(Dataset entries)

=== Section Start ===

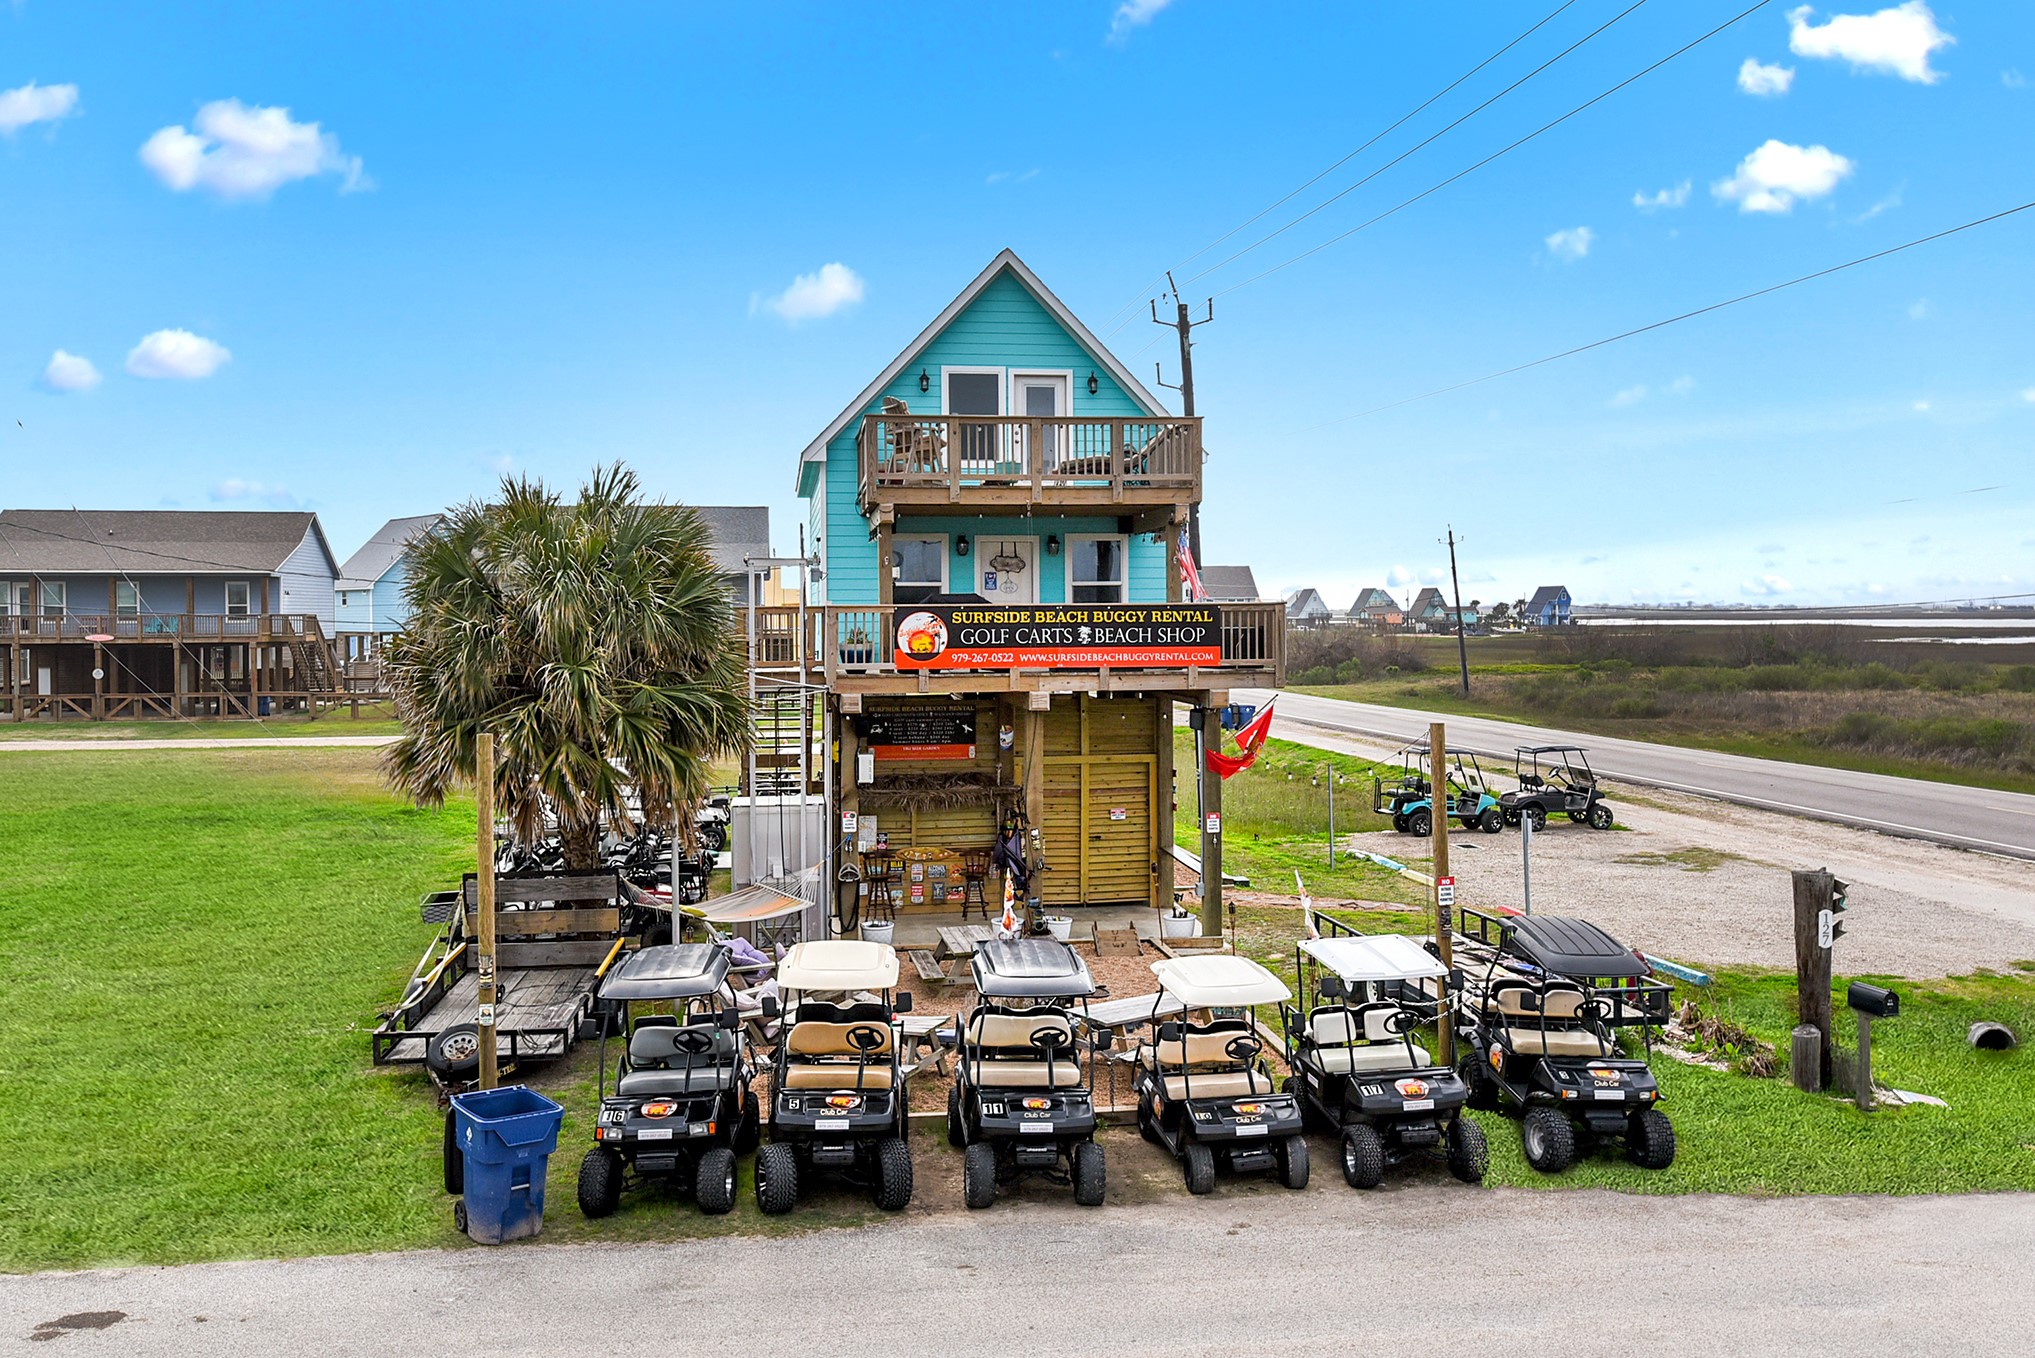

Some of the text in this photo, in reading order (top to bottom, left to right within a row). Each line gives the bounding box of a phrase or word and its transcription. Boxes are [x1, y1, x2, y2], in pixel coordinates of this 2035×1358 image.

[951, 610, 1213, 624] SURFSIDE BEACH BUGGY RENTAL
[960, 627, 1206, 645] GOLF CARTS BEACH SHOP
[951, 652, 1214, 663] 979-267-0522 WWW.SURFSIDEBEACHBUGGYRENTAL.COM
[1822, 913, 1830, 945] 127
[1363, 1085, 1381, 1096] 17
[789, 1099, 798, 1109] 5
[984, 1103, 1002, 1114] 11
[820, 1108, 848, 1116] Club Car
[1235, 1115, 1262, 1124] Club Car
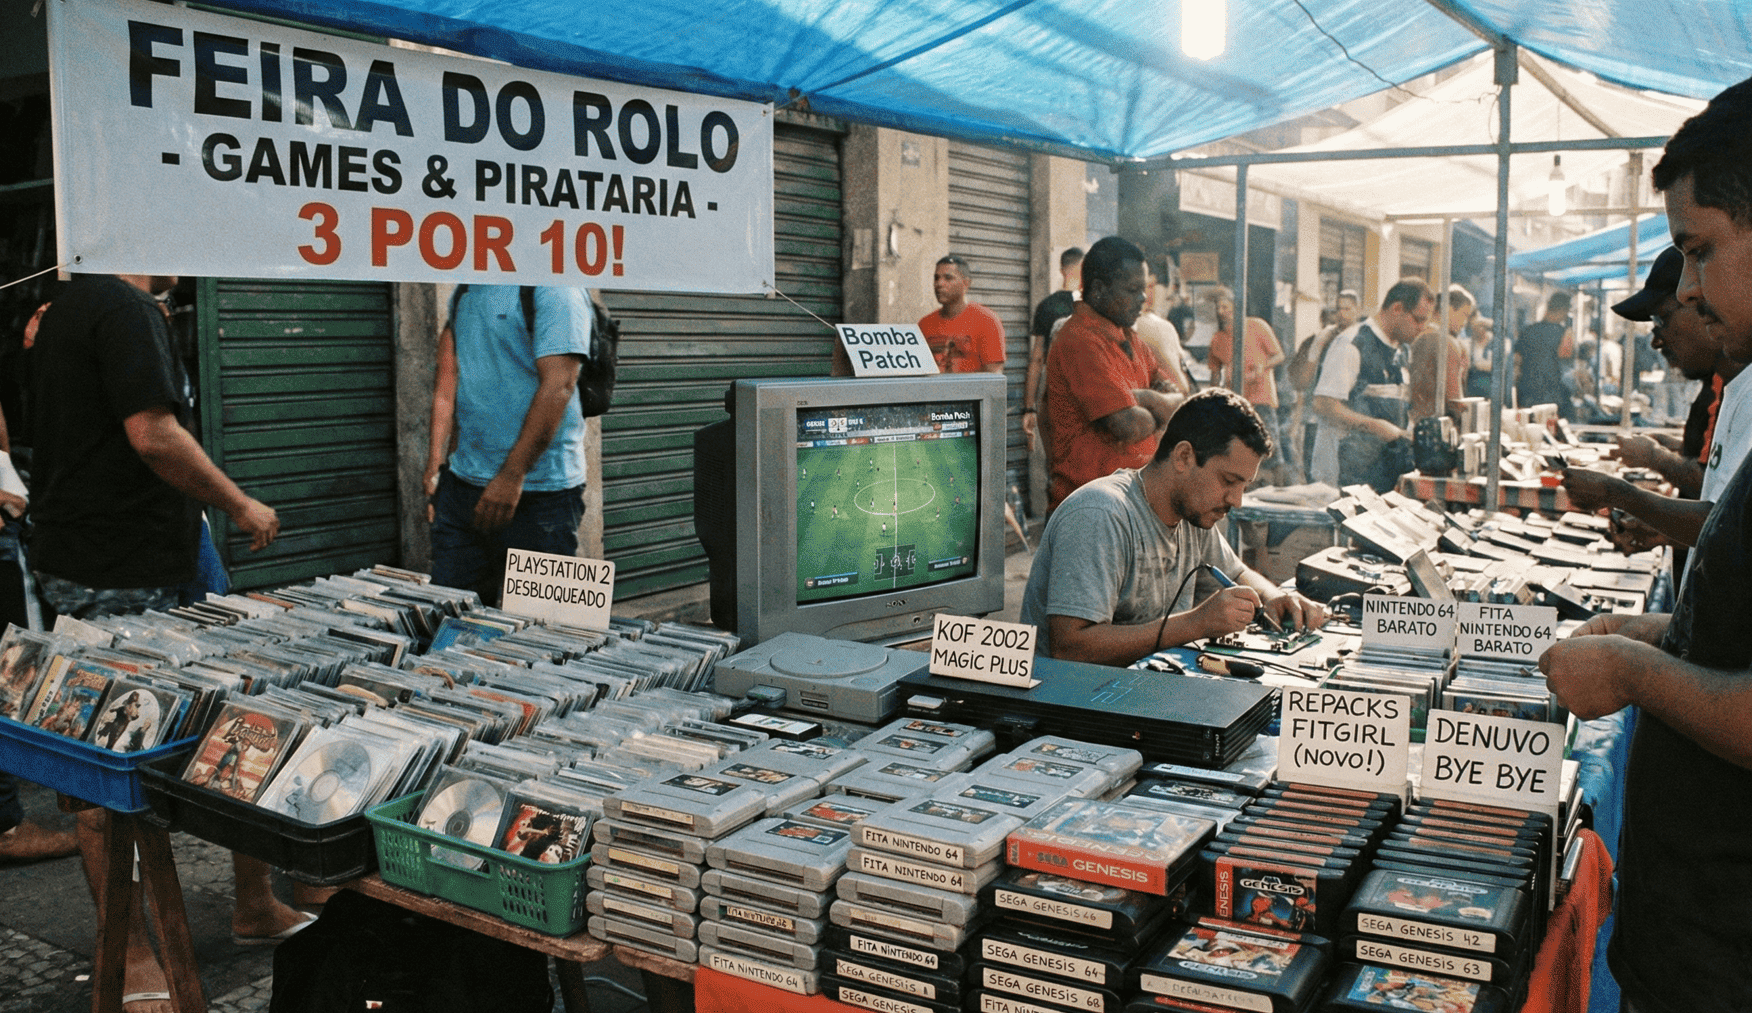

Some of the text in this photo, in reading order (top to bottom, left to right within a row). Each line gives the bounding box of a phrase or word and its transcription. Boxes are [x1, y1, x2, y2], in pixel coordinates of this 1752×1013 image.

=== Section End ===

TASK BRIEF: A faithful copy of all the data above is required, printed exactly and with no pictures.

SOLUTION TO THE PROBLEM:
Some of the text in this photo, in reading order (top to bottom, left to right within a row). Each line gives the bounding box of a phrase or word and its transcription. Boxes are [x1, y1, x2, y2], in pixel coordinates of this 2035×1358 image.

[951, 610, 1213, 624] SURFSIDE BEACH BUGGY RENTAL
[960, 627, 1206, 645] GOLF CARTS BEACH SHOP
[951, 652, 1214, 663] 979-267-0522 WWW.SURFSIDEBEACHBUGGYRENTAL.COM
[1822, 913, 1830, 945] 127
[1363, 1085, 1381, 1096] 17
[789, 1099, 798, 1109] 5
[984, 1103, 1002, 1114] 11
[820, 1108, 848, 1116] Club Car
[1235, 1115, 1262, 1124] Club Car

Some of the text in this photo, in reading order (top to bottom, left to right within a row). Each line gives the bounding box of a phrase or word and its transcription. Boxes are [x1, y1, x2, y2], in pixel coordinates of this 1752×1013 image.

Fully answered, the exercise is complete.